Archer Aviation’s $6B Backlog Tested by FAA Certification Delays
Archer Aviation delivered only one test eVTOL in 2024, incurred a $537 million net loss and holds a $6 billion backlog for 1,200 aircraft. Certification delays—first commercial UAE flights deferred to 2026 and U.S. type approval pending—threaten ramp-up under its Stellantis manufacturing partnership.
1. Production Shortfalls and Delivery Milestones
Archer delivered only one test eVTOL to the U.S. Air Force in 2024 and generated no meaningful revenue that year, incurring a net loss of $537 million. As of August 2025, the company had produced two commercial Midnight aircraft and had six more in its production line. Despite an initial plan to manufacture ten aircraft in 2024 and ramp to 650 units by 2027, current output trends suggest these targets may be missed without significant operational improvements.

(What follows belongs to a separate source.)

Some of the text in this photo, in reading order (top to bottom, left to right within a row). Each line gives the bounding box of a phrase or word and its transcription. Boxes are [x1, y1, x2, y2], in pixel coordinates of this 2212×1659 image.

2. Regulatory Progress and Certification Timeline
Archer has secured two of the four required FAA approvals—maintenance and repair, plus air carrier and operator certifications—but still needs type certification (covering final airworthiness and flight testing) and production certification. Its first scheduled commercial flights in Abu Dhabi slipped from late 2025 to 2026 as local authorities continue safety evaluations. Some analysts now project full U.S. type certification as late as 2028.
3. Financial Backlog and Partnership for Scale
The company reported an indicative backlog of $6 billion across roughly 1,200 aircraft as of late 2025, supporting its goal of reaching multi-billion-dollar annual revenues. To achieve higher production rates, Archer relies on Stellantis as contract manufacturer, aiming to produce two aircraft per month by end-2025 and scaling to 650 units annually by 2030. Progress on this partnership has been slower than anticipated, raising questions about capacity to meet backlog commitments.

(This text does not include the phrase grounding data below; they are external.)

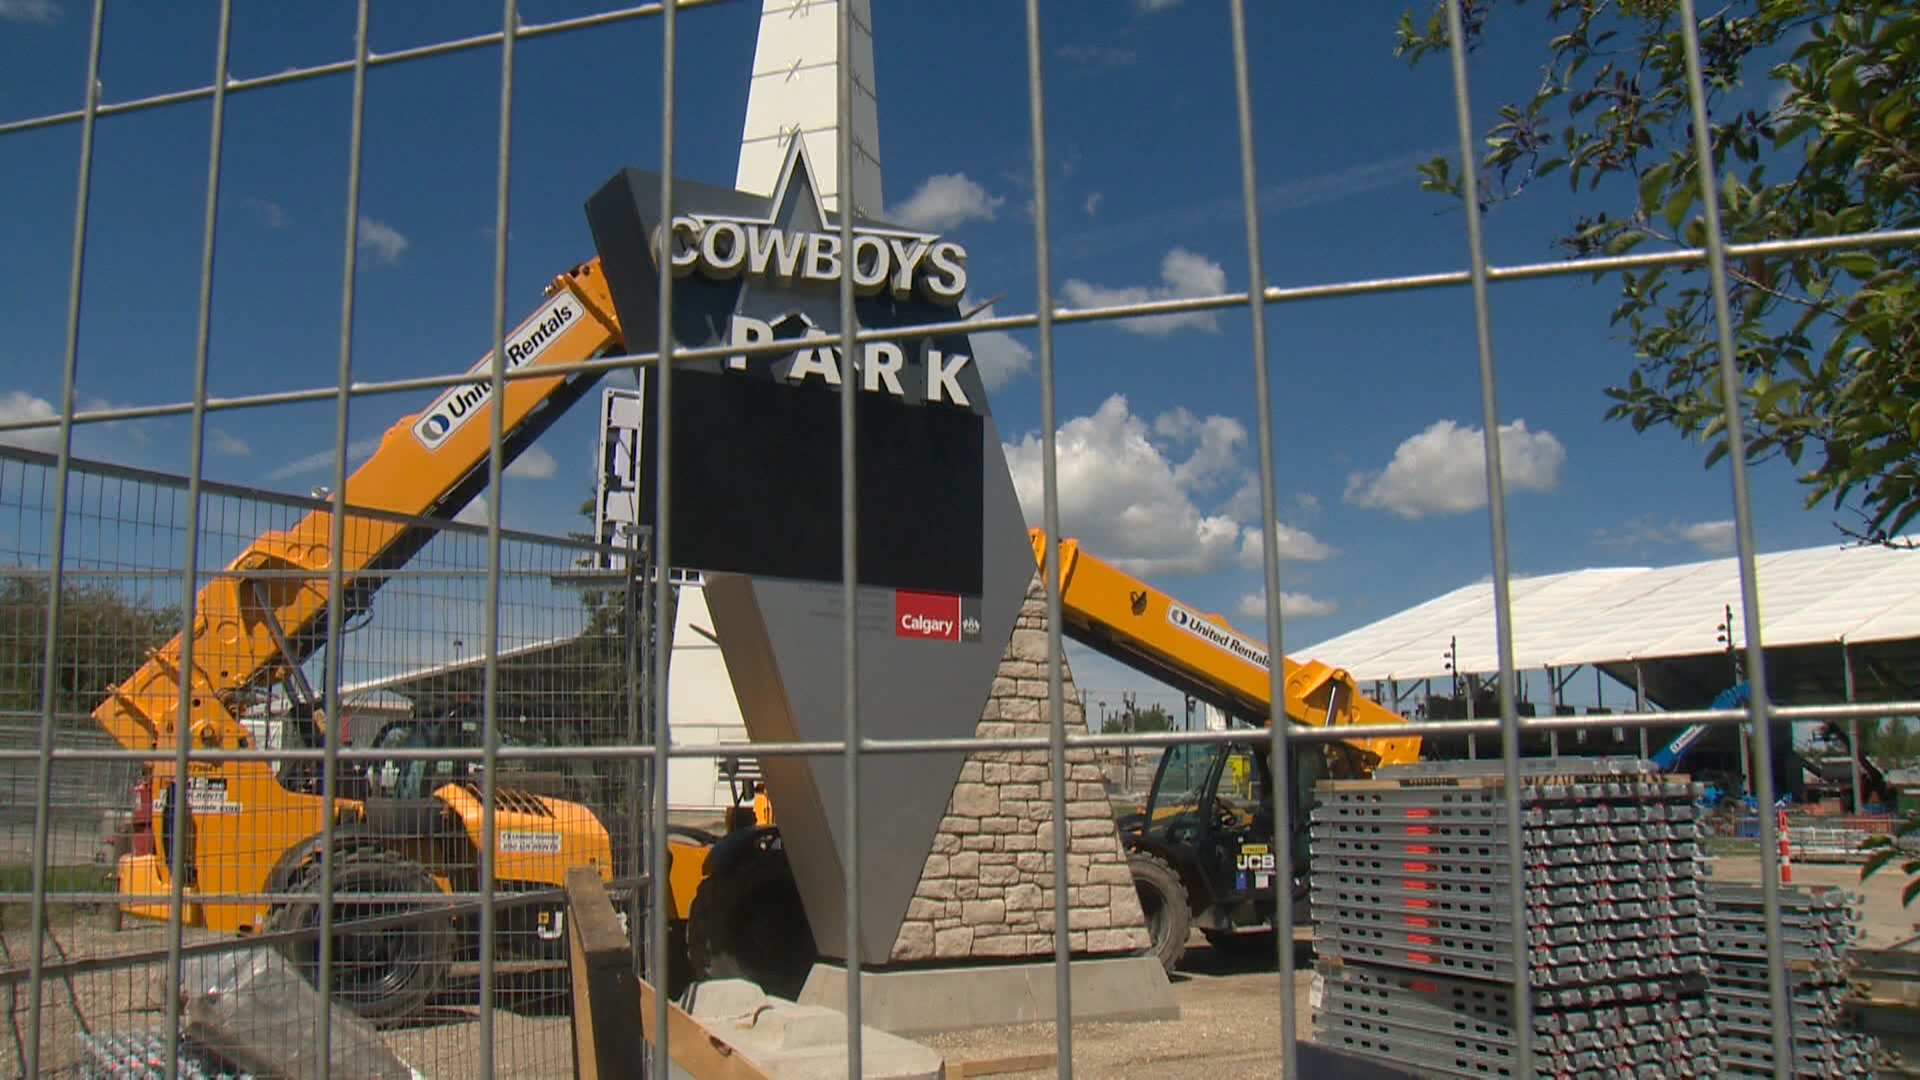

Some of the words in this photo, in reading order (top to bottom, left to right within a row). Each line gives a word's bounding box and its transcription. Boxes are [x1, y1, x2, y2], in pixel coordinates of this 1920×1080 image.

[656, 216, 968, 296] COWBOYS
[507, 304, 573, 366] Rentals
[730, 314, 971, 407] PARK
[901, 614, 953, 636] Calgary
[1189, 618, 1230, 647] United
[1230, 639, 1271, 668] Rentals
[1237, 854, 1275, 870] JCB

4. Future Revenue, Loss Projections and Investment Risks
Analysts forecast Archer will generate $32 million in 2026 revenue from its first commercial deliveries, climbing to $305 million in 2027. Net losses are expected to widen to $718 million in 2026 before narrowing to $682 million in 2027. With $1.6 billion in cash and equivalents at the end of Q3 2025 and a market capitalization near $6.5 billion, the company may require additional equity issuances. Competition from more advanced eVTOL developers further constrains upside unless regulatory and production milestones are met on schedule.